[Data records]

__________

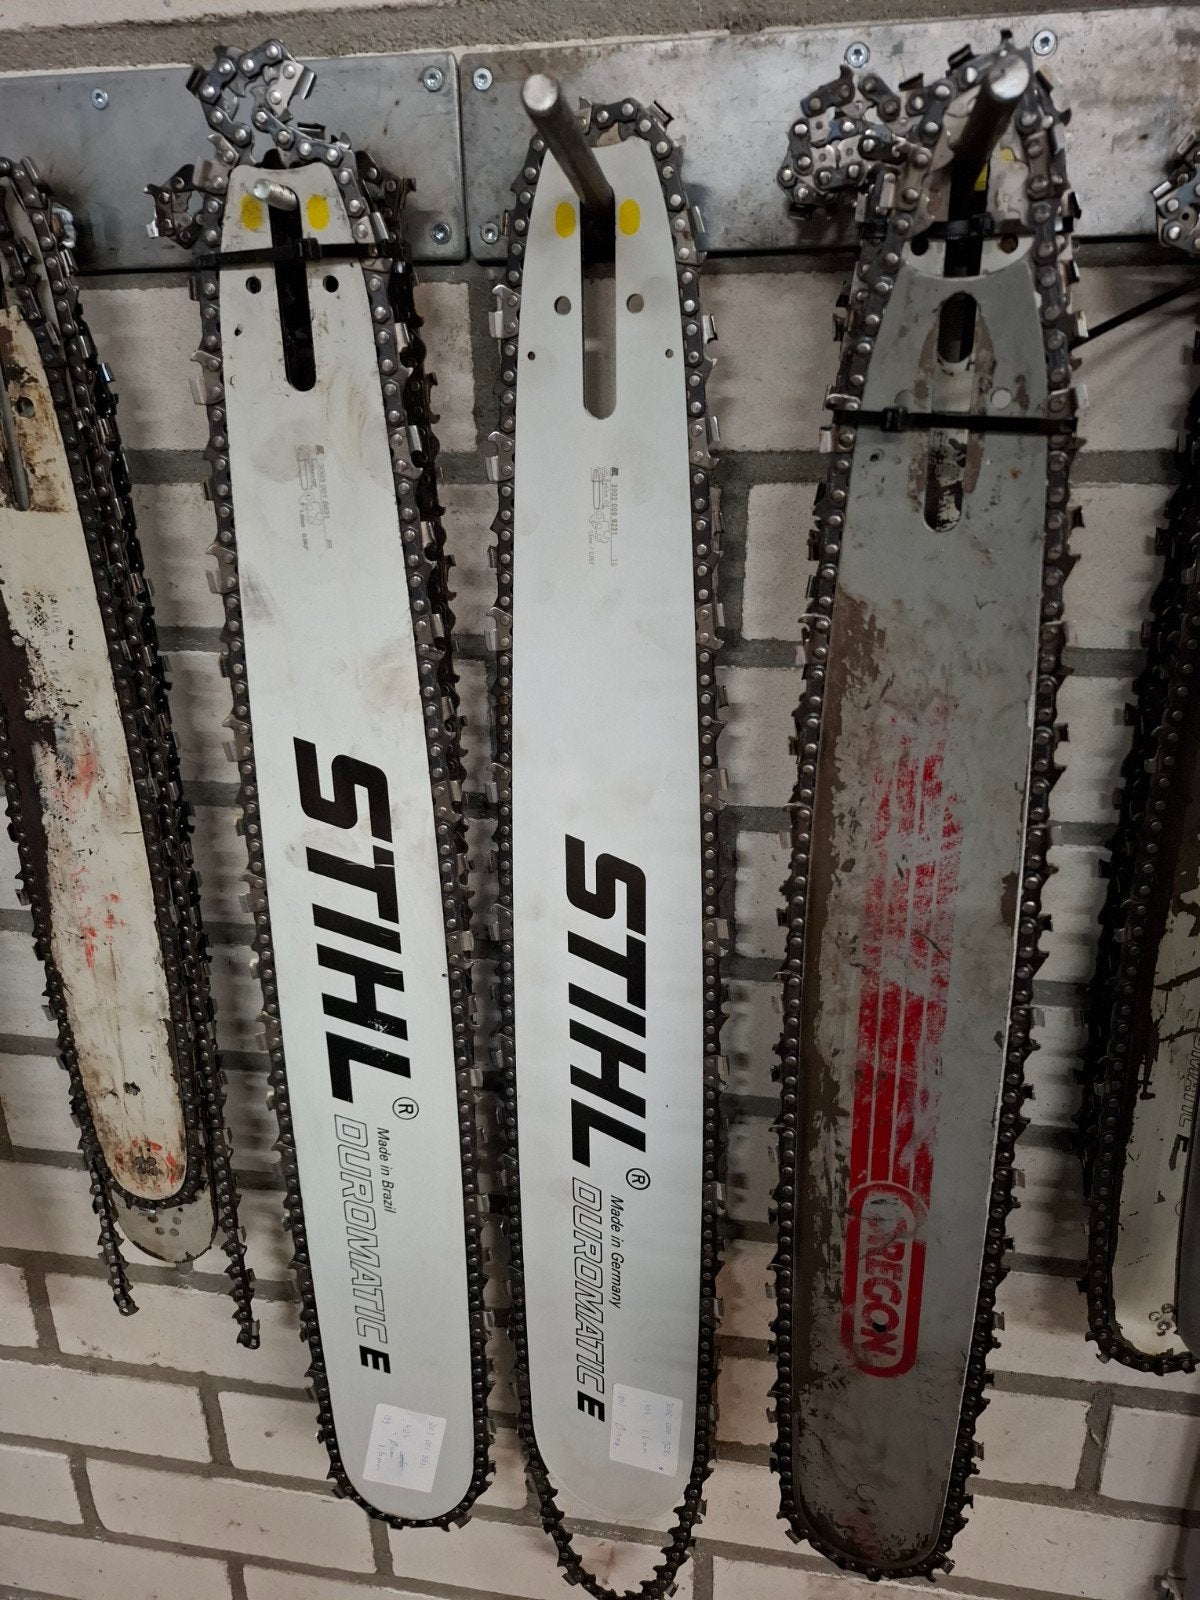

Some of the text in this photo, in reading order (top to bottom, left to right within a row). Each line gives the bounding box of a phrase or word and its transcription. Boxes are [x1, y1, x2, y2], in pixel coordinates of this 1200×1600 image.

[293, 736, 411, 1103] STIHL
[565, 833, 647, 1167] STIHL
[333, 1113, 391, 1375] DUROMATIC E
[377, 1127, 397, 1213] Made in Brazil
[609, 1194, 625, 1307] Made in Germany
[572, 1177, 605, 1422] DUROMATIC E

__________

*DESCRIPTION OF THE TASK*. Where a record holds a picture, leave the picture out and restate the rest word for word.

*SOLUTION TO THE PROBLEM*.
Some of the text in this photo, in reading order (top to bottom, left to right within a row). Each line gives the bounding box of a phrase or word and its transcription. Boxes are [x1, y1, x2, y2], in pixel coordinates of this 1200×1600 image.

[293, 736, 411, 1103] STIHL
[565, 833, 647, 1167] STIHL
[333, 1113, 391, 1375] DUROMATIC E
[377, 1127, 397, 1213] Made in Brazil
[609, 1194, 625, 1307] Made in Germany
[572, 1177, 605, 1422] DUROMATIC E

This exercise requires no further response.